Jaguar has teased its upcoming E-Pace crossover SUV, revealing the gruesome and rigorous testing that the new crossover has already undergone ahead of its official reveal next week. The compact performance SUV, as Jaguar likes to call the E-Pace, will undergo its final test at its world premiere on13 July where it will be revealed globally.
According to the Coventry-based car maker, Jaguar has unleashed “hell and high water to ensure that E-Pace worked on all surfaces and in all weathers.” A total of 150 prototypes of the crossover was put to a long 25-month test programme in the hands of 500engineers stretching to 120,000 hours across four continents. The crossover hit the race tracks from the notorious Nurburgring in Germany to the high-speed Nardò Ring in Italy.
The E-Pace also did test runs at the Arctic Circle where the temperature was down to -40C, then in the deserts of the Middle East in +48C. It also waded through 0.5-metre of standing water apart from the thoroughfare at the Walter Arena off-road complex of the South Wales. All this so that the “E-Pace can withstand a lifetime of use in the hands of the most active and demanding customers.”

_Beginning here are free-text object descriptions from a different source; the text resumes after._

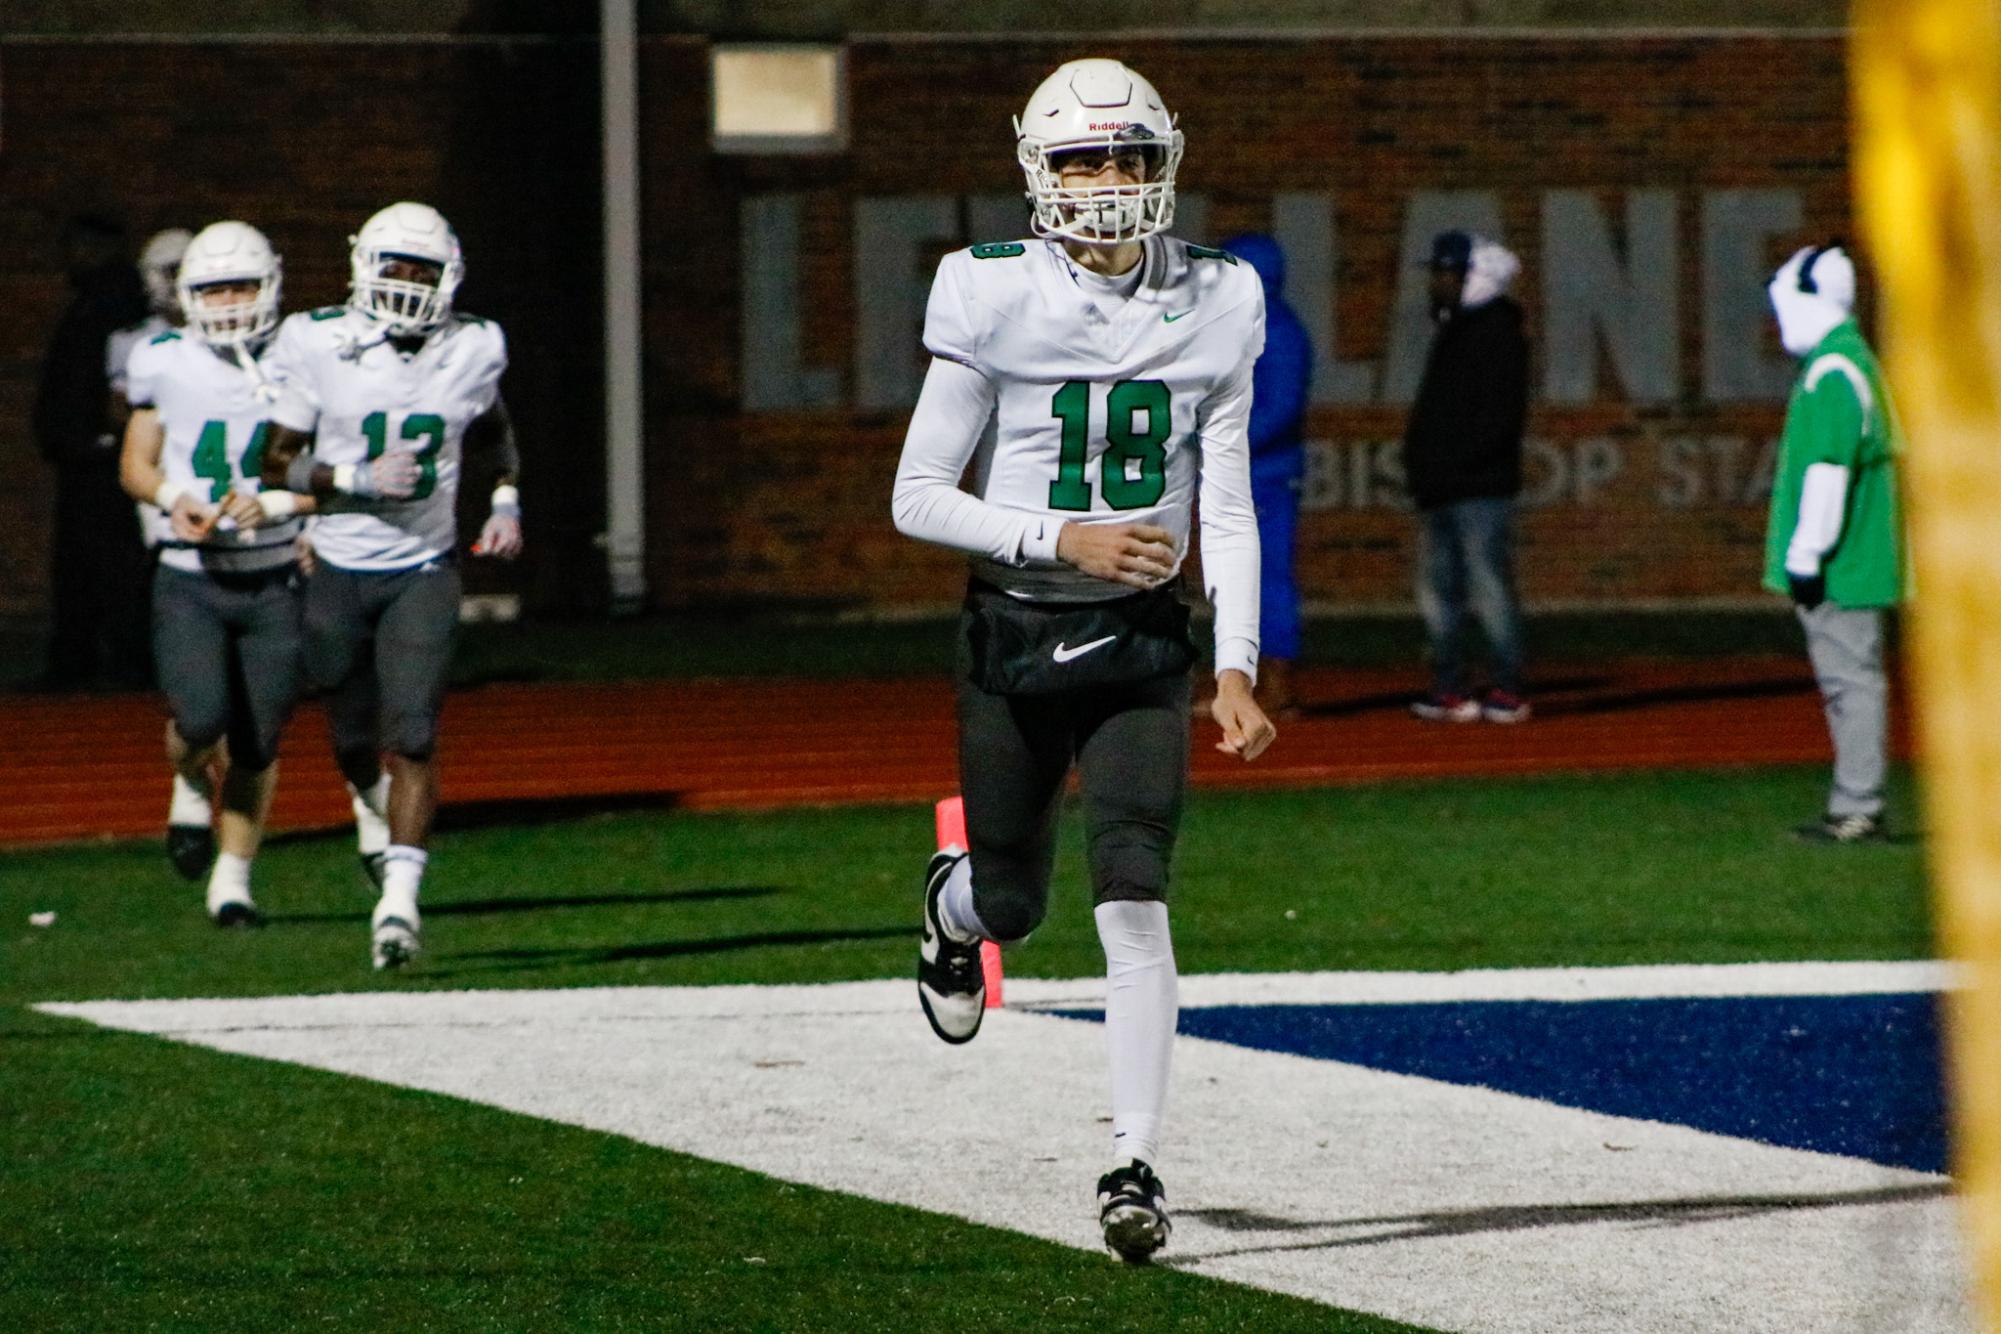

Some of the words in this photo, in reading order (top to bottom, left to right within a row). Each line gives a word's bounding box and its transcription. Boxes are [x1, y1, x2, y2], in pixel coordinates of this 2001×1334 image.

[1088, 120, 1129, 131] Riddell
[191, 420, 271, 503] 44
[362, 410, 446, 500] 13
[1048, 379, 1172, 512] 18
[1298, 437, 1623, 511] BISOP
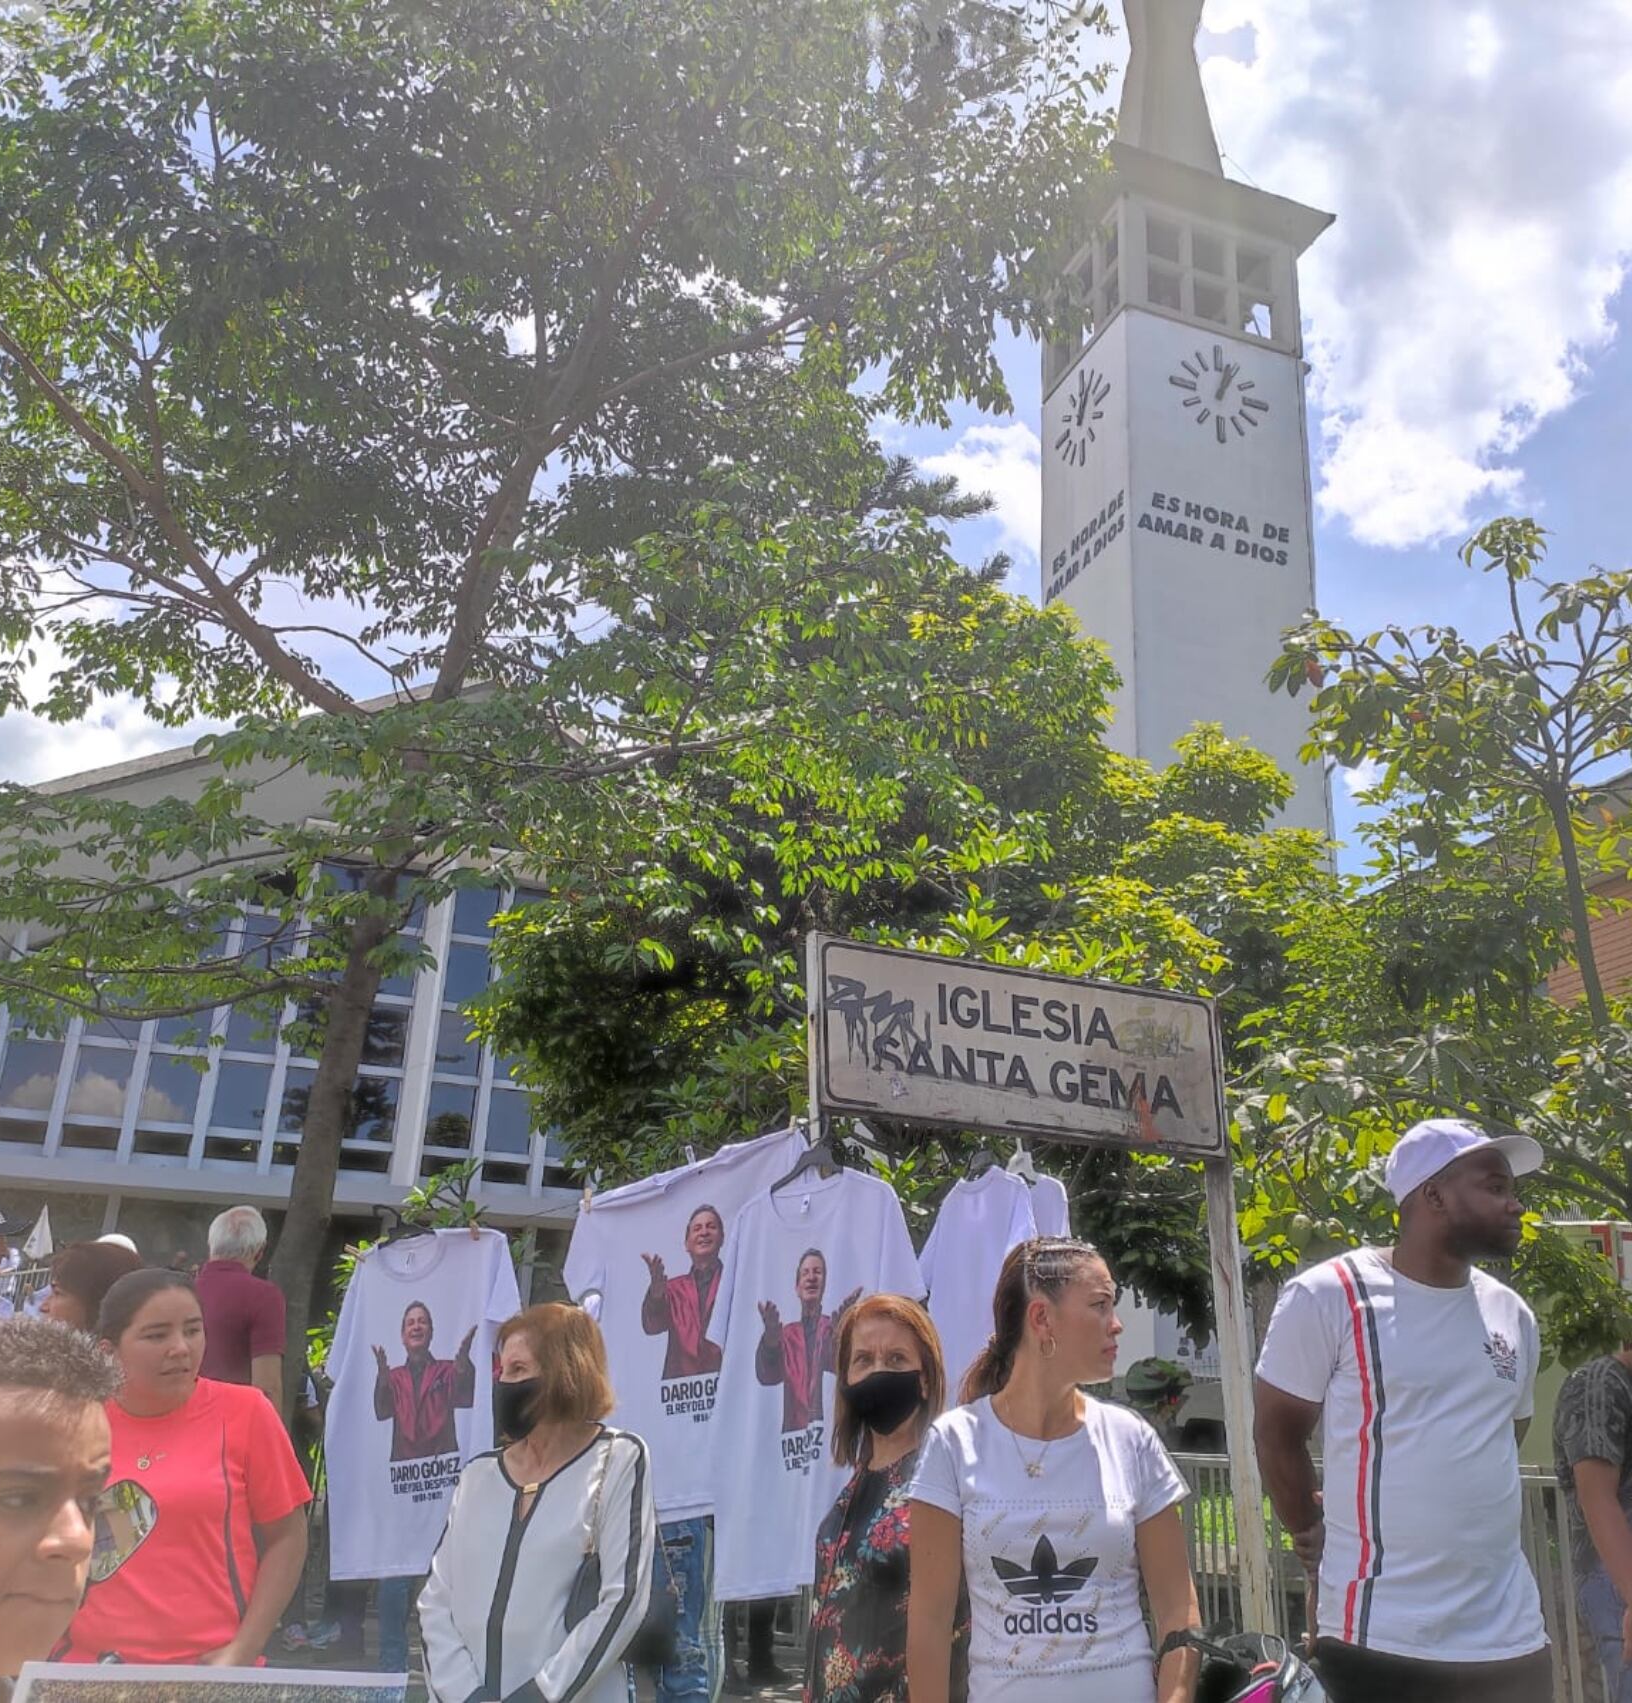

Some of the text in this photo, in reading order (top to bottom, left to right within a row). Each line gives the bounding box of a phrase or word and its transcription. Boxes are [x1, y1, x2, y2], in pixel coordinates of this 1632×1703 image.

[1081, 547, 1092, 570] A
[1094, 513, 1125, 558] DIOS
[1137, 513, 1288, 566] AMAR A DIOS
[1151, 492, 1290, 543] ES HORA DE
[1052, 549, 1067, 575] ES
[937, 983, 1119, 1051] IGLESIA
[873, 1034, 1184, 1119] SANTA GEMA
[660, 1380, 704, 1403] DARIO
[390, 1463, 421, 1483] DARIO
[1003, 1606, 1099, 1636] adidas
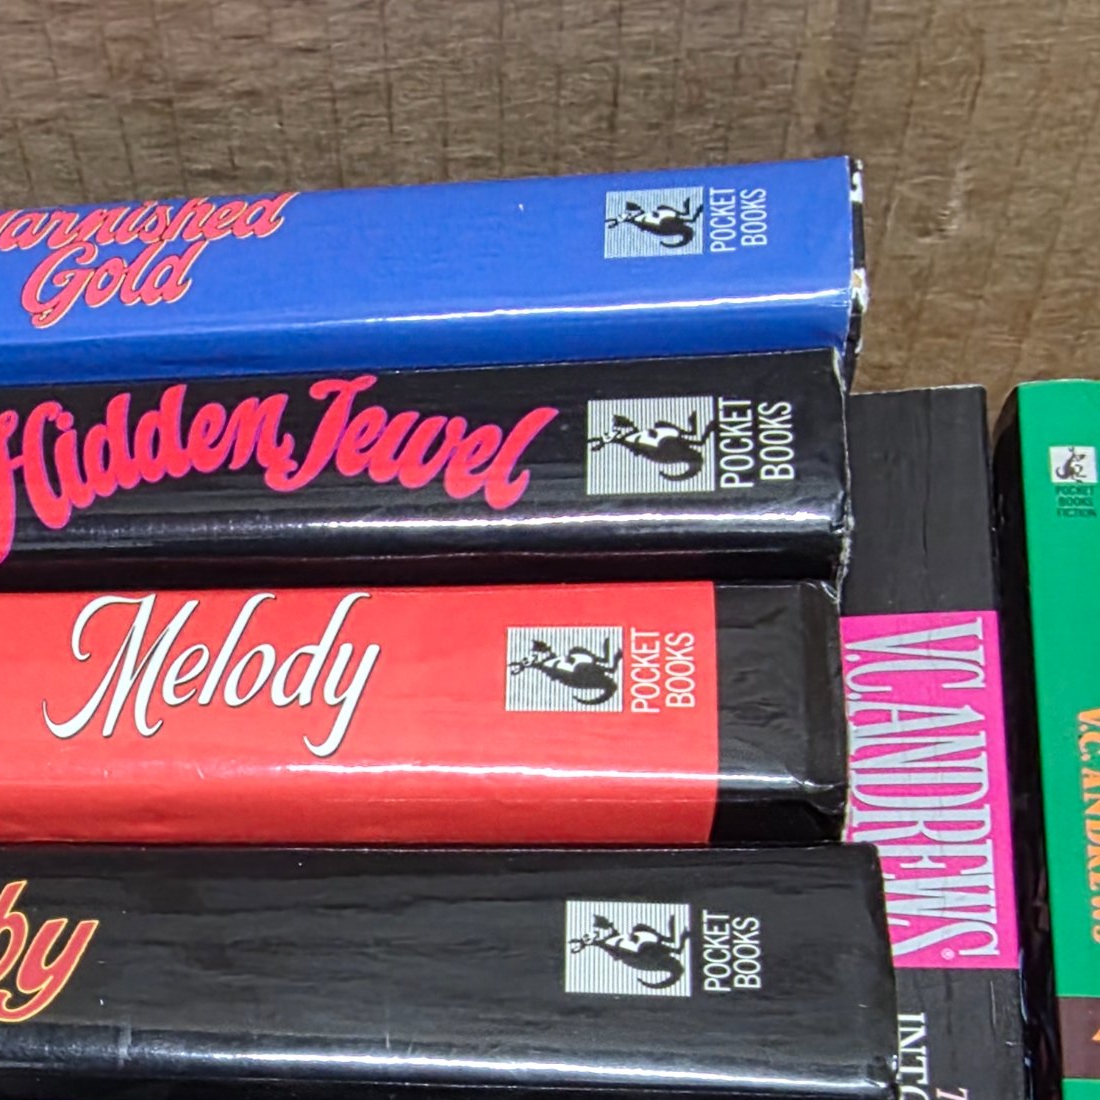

Graham Wilkins, chief product engineer of the E-Pace, commenting on the upcoming crossover, said, “Our team of world-class engineers and dynamics specialists have meticulously tuned and developed a true Jaguar. Months of intense testing on roads and tracks around the world have delivered a compact performance SUV that is true to Jaguar’s performance DNA”
Jaguar has been in the midst of a crossover offensive ever since it introduced its first ever crossover, the F-Pace last year. Following that, the British marque will introduce the E-Pace, which will be positioned below the F-Pace and the production version of the I-Pace the latter is expected to arrive next year. The new E-Pace will be based on the Range Rover Evoque’s LR-MS steel platform.
The E-Pace would be competing against the German trio of Audi Q3, BMW X1 and Mercedes-Benz GLA. The entry-level E-Pace will be to the smaller XE sedan what the F-Pace is to the XF sedan. The crossover will be built at the Magna Steyr facility in Graz, Austria. Once the new E-Pace hits the road internationally, the Coventry-based car maker is expected to introduce the E-Pace crossover in India too.